Pipeline mirrors wrongful taking of sacred Black Hills
By Olivya Caballero

A few weeks ago the people from the Cowboy Indian Alliance led a march on Washington in protest of the proposed Keystone XL pipeline. The pipeline is reported to contaminate the surrounding land and ruin the areas water source with oil crude.

Aside from the environmental dangers, the Keystone XL pipeline presents another danger by entreating upon the sacred Black Hills. Although the tribes that protested the KXL pipeline are from the Oglala, (Pine Ridge), Sicangu, (Rosebud), Cheyenne River, Standing Rock, and Yankton reservations, Tar Sands pipelines have affected First Nations in Canada from an environmental perspective and all Indians in a cultural perspective.

From an environmental perspective, the KXL pipeline would affect an already impoverished area on the Pine Ridge and Rosebud reservations. These environmental effects have been observed on Canadian First Nations land by the presence of contaminated drinking water and the appearance of arsenic in moose meat. Various health problems already plague those living on both reservations. The related health statistics are as follows, eight times the United States rate of diabetes, four times the national rate of teen suicide, and double the rate of heart disease. Additionally, the per capita income is $4,000 per year accompanied by an unemployment rate of 80-90 percent.

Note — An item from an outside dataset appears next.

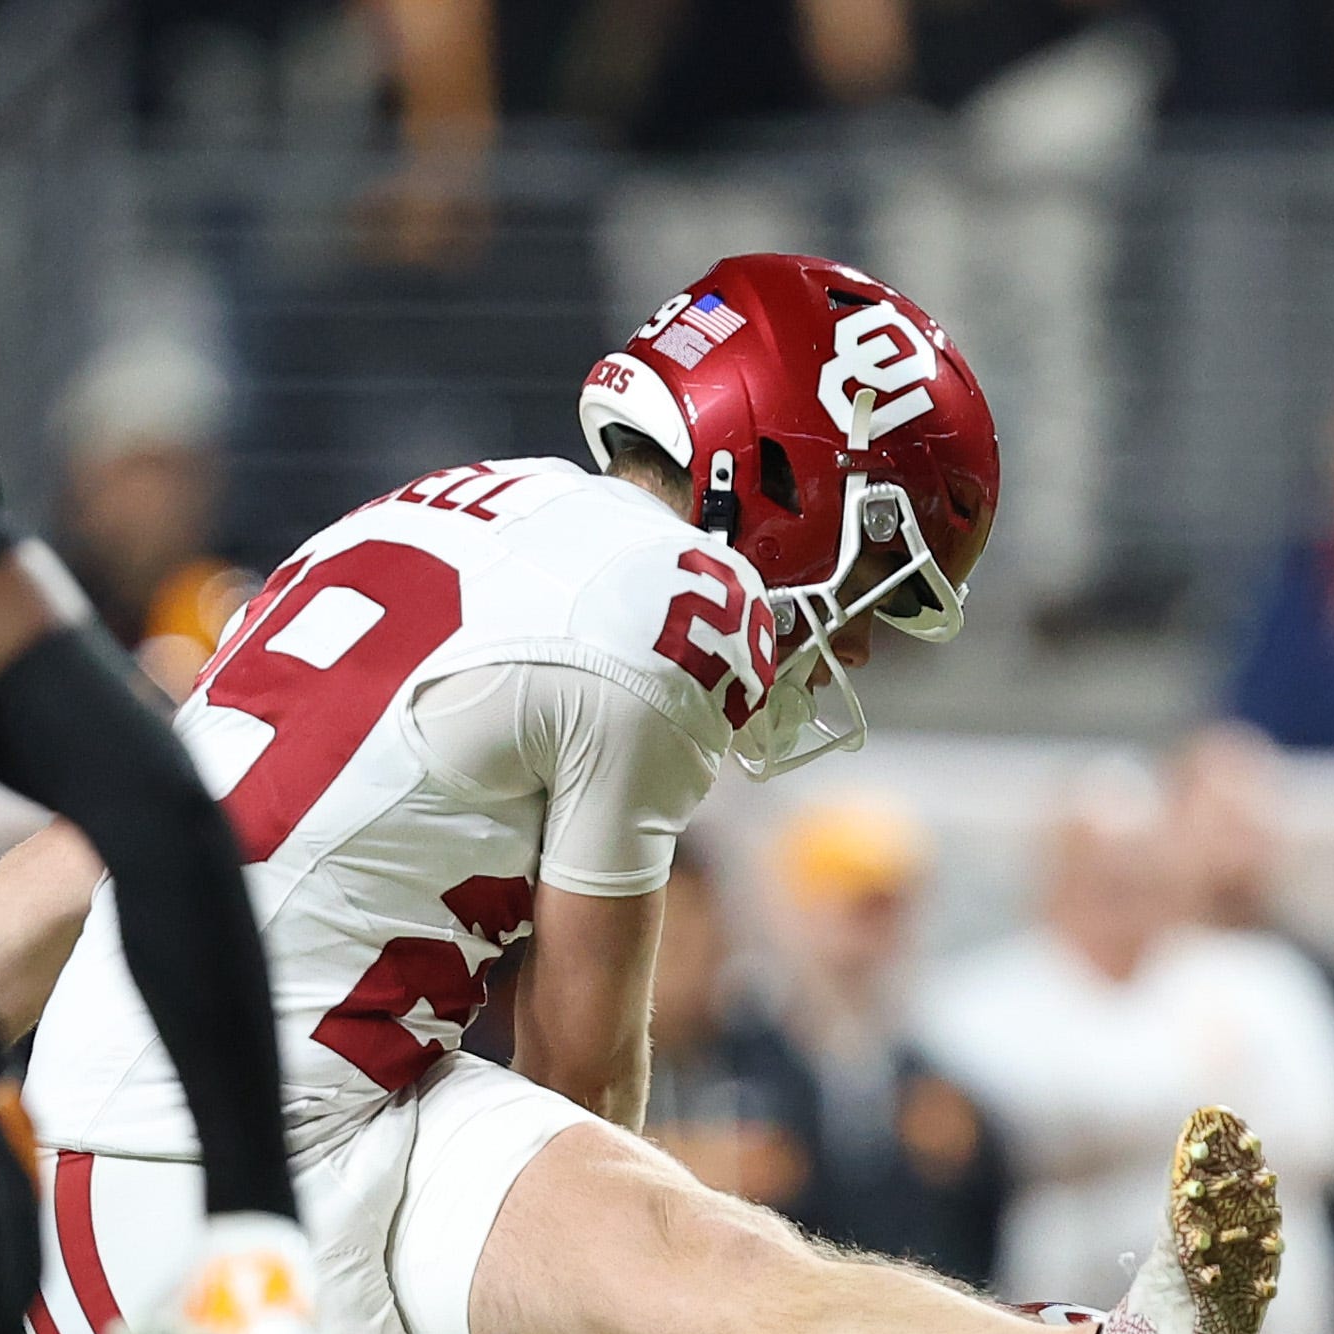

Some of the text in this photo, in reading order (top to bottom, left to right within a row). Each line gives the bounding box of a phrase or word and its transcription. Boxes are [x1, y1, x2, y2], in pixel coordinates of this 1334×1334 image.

The issue of the proposed KXL pipeline mirrors an old, but relevant issue of the wrongful taking of the Black Hills through the continuing motivation to remove Native Americans from their land and infringe upon their rights.

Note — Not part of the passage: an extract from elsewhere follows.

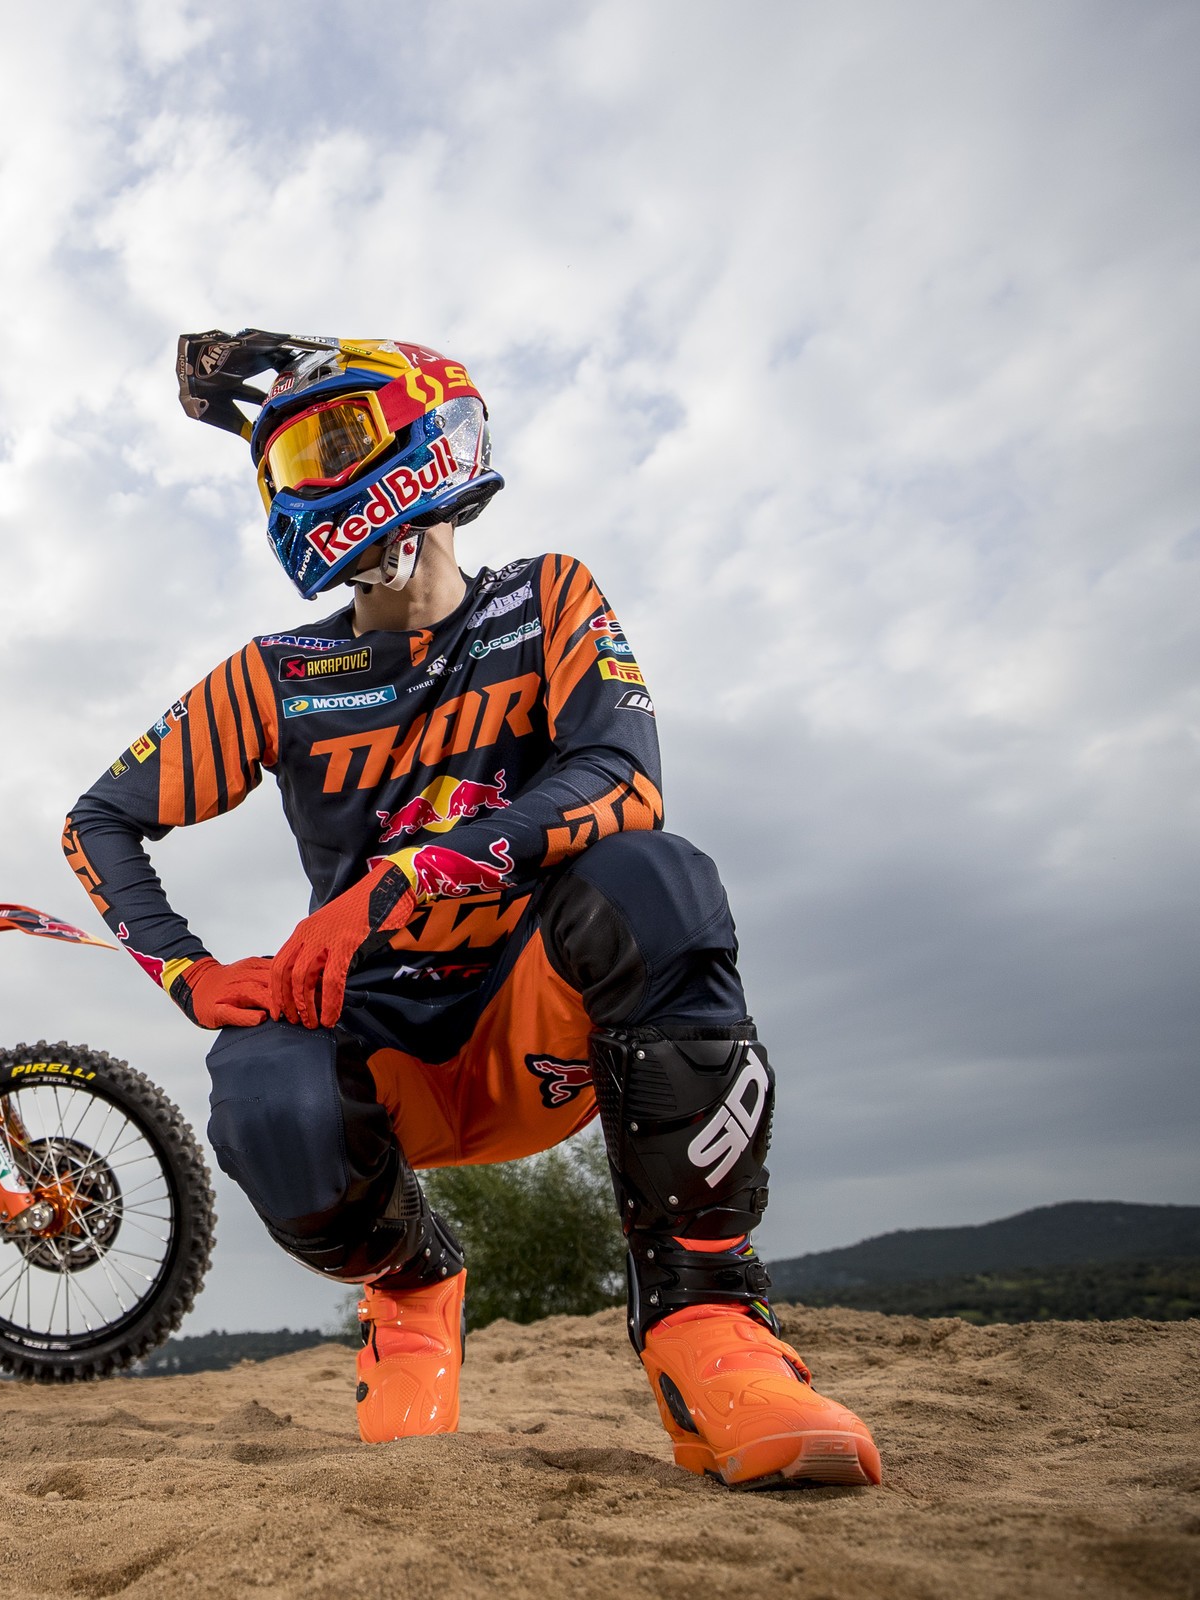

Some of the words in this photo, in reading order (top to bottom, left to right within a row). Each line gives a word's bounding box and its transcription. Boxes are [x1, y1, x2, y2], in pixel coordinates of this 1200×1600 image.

In 1868 the Treaty of Fort Laramie was written in order to settle the land disputes between the United States government and the Lakota tribes, wherein it was agreed that land rights would be guaranteed for the Black Hills. However, due to violent conflicts the Black Hills were again seized by the U.S. government from the Lakota Nation, which resulted in many legal battles for the return of the Black Hills with the most recent notable breakthrough occurring in 1980. In the court case United States vs. Sioux Nation of Indians the Black Hills were valued at $105 million. As of 2014, the value has climbed to over a billion dollars. However, the Lakota tribes refuse to settle and sell their rights to the Black Hills even for such a large price.

While the KXL pipeline is controversial in its environmental risk factors what has been largely unexplored by this controversy is its encroachment on the sacred land of the Lakota including the Black Hills, and the federal government’s longstanding encroachment. To better understand this controversy, we must first explore the different ways in which land is valued.

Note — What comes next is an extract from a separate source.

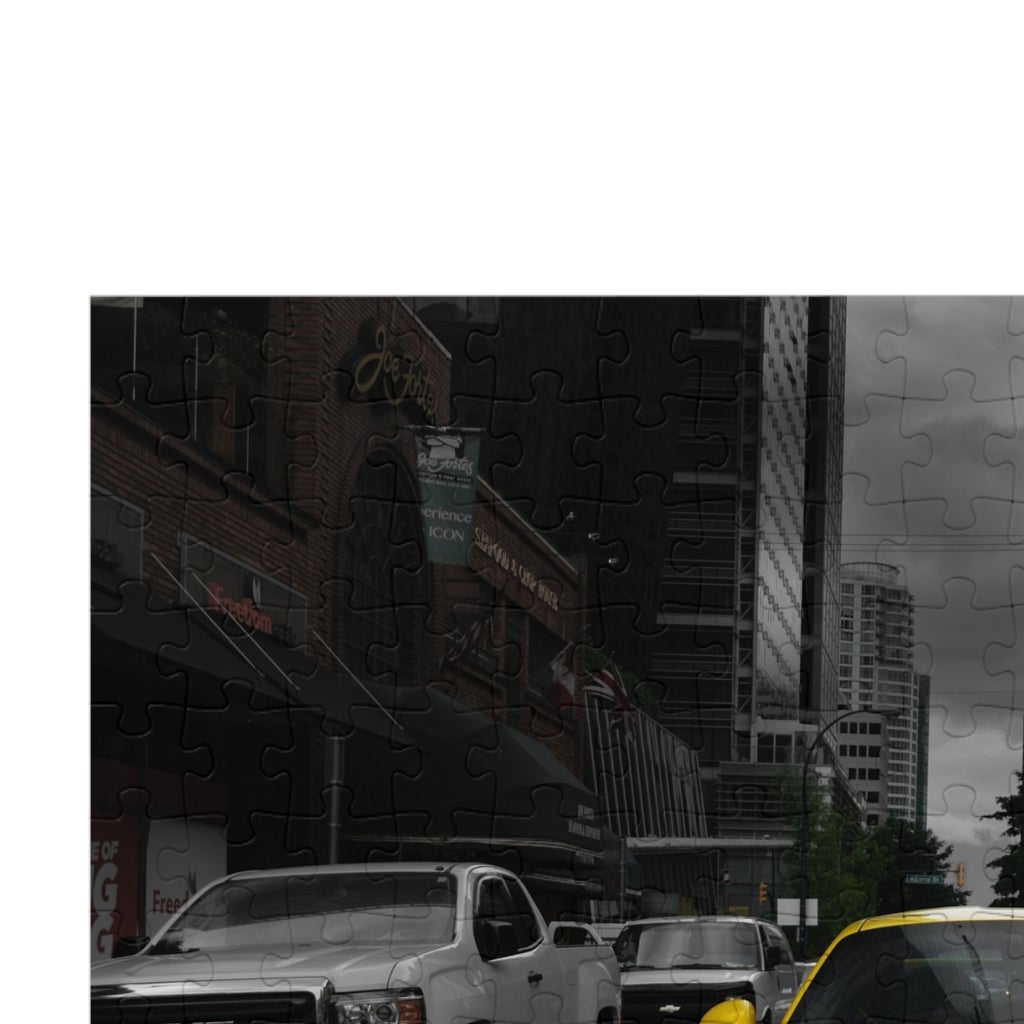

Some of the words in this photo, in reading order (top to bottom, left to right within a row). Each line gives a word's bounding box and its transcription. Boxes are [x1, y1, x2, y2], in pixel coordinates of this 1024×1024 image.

Louise Erdrich, an Ojibwa author comments on the duty of Native American authors, in contrast to Anglo-American authors, by suggesting that the removal of Natives from their homelands affects Native Americans in all aspects, including writing. She iterates that Native authors “must tell the stories of contemporary survivors…[a]nd in all this there is always the land,” reinforcing the additional historical value land still holds to many Native Americans across Indian Country, including the Lakota and the Black Hills. In direct relation to the Black Hills, it is important to mention its direct significance in one of the most foundational stories to the Lakota people, the creation story.

The creation story tells that the Lakota people first emerged onto the surface of the Earth through the Black Hills. The value of land transcends those of physical meaning, i.e. monetary and resource value to more conceptual ones of cultural, spiritual, and historical value.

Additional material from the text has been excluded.